Omit the images, then output each of the records below exactly.

### The data:
□ □ □ □

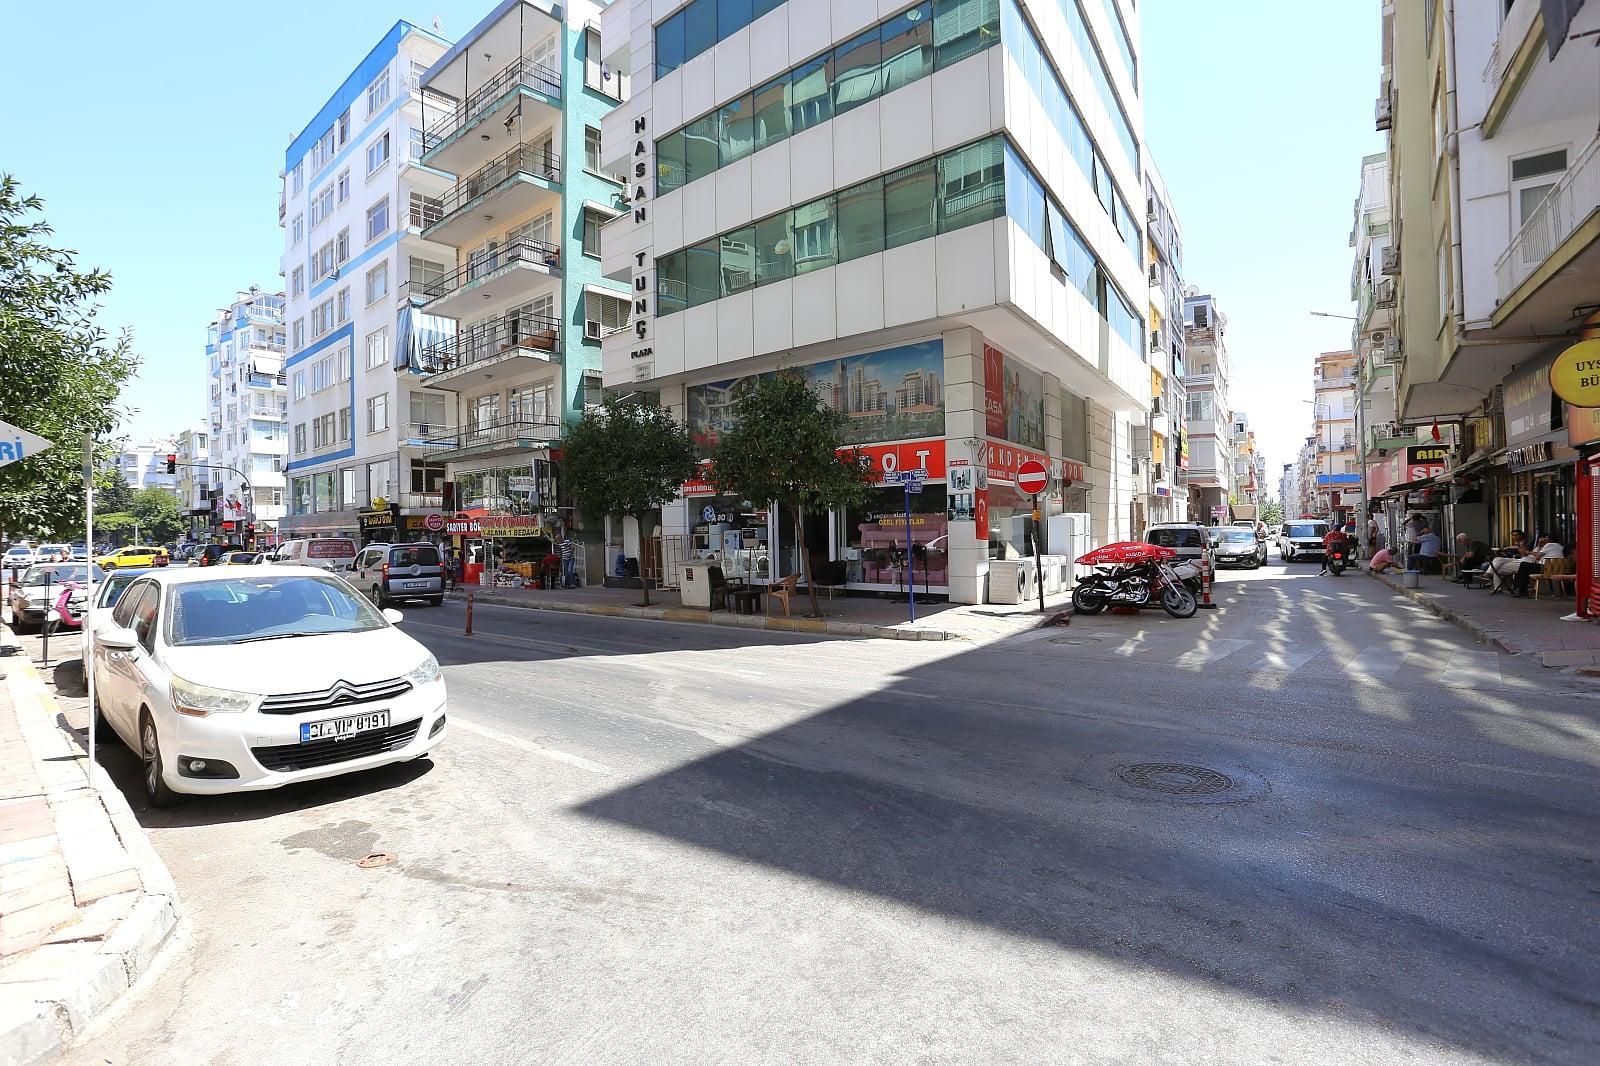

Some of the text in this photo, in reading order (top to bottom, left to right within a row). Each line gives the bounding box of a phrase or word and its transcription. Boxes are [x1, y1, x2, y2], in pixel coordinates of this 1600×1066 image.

[634, 116, 646, 339] HASAN TUNÇ
[631, 347, 653, 359] PLAZA
[1580, 374, 1600, 387] BÜ
[446, 522, 468, 532] SARIYER
[895, 517, 925, 526] FİYTLAR
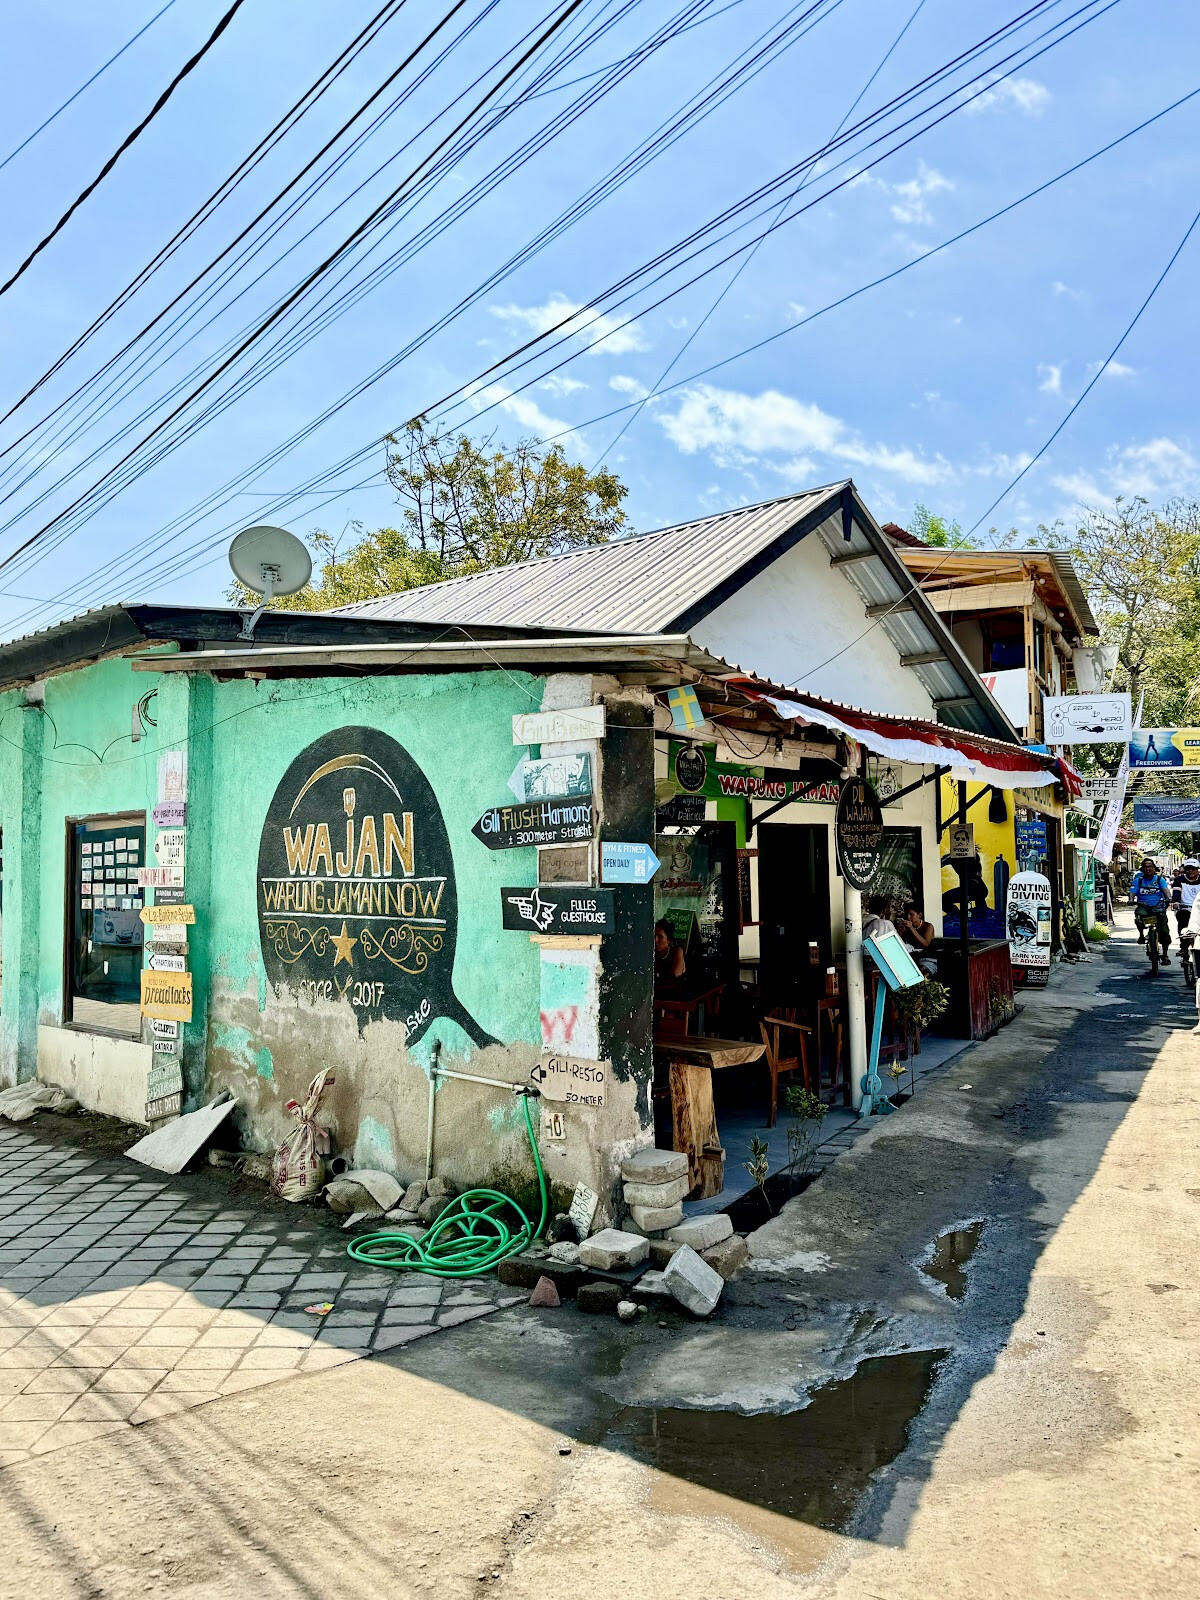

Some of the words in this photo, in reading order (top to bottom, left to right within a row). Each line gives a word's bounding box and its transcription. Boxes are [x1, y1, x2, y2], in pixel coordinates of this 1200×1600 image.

[717, 774, 786, 799] WARUNG
[1085, 789, 1110, 797] STOP
[541, 802, 592, 827] Harmony
[283, 812, 415, 878] WAJAN
[623, 846, 646, 854] FITNESS
[603, 858, 617, 868] OPEN
[617, 858, 630, 868] DAILY
[262, 881, 325, 912] WARUNG
[326, 881, 382, 914] JAMAN
[384, 881, 446, 917] NOW
[1012, 891, 1050, 900] DIVING
[570, 900, 597, 911] FULLES
[561, 912, 606, 924] GUESTHOUSE
[353, 981, 385, 1008] 2017
[565, 1092, 579, 1102] 50
[580, 1095, 603, 1106] METER

□ □ □ □

### Final answer:
Some of the text in this photo, in reading order (top to bottom, left to right within a row). Each line gives the bounding box of a phrase or word and its transcription. Boxes are [x1, y1, x2, y2], in pixel coordinates of this 1600×1066 image.

[634, 116, 646, 339] HASAN TUNÇ
[631, 347, 653, 359] PLAZA
[1580, 374, 1600, 387] BÜ
[446, 522, 468, 532] SARIYER
[895, 517, 925, 526] FİYTLAR

Some of the words in this photo, in reading order (top to bottom, left to right within a row). Each line gives a word's bounding box and its transcription. Boxes are [x1, y1, x2, y2], in pixel coordinates of this 1200×1600 image.

[717, 774, 786, 799] WARUNG
[1085, 789, 1110, 797] STOP
[541, 802, 592, 827] Harmony
[283, 812, 415, 878] WAJAN
[623, 846, 646, 854] FITNESS
[603, 858, 617, 868] OPEN
[617, 858, 630, 868] DAILY
[262, 881, 325, 912] WARUNG
[326, 881, 382, 914] JAMAN
[384, 881, 446, 917] NOW
[1012, 891, 1050, 900] DIVING
[570, 900, 597, 911] FULLES
[561, 912, 606, 924] GUESTHOUSE
[353, 981, 385, 1008] 2017
[565, 1092, 579, 1102] 50
[580, 1095, 603, 1106] METER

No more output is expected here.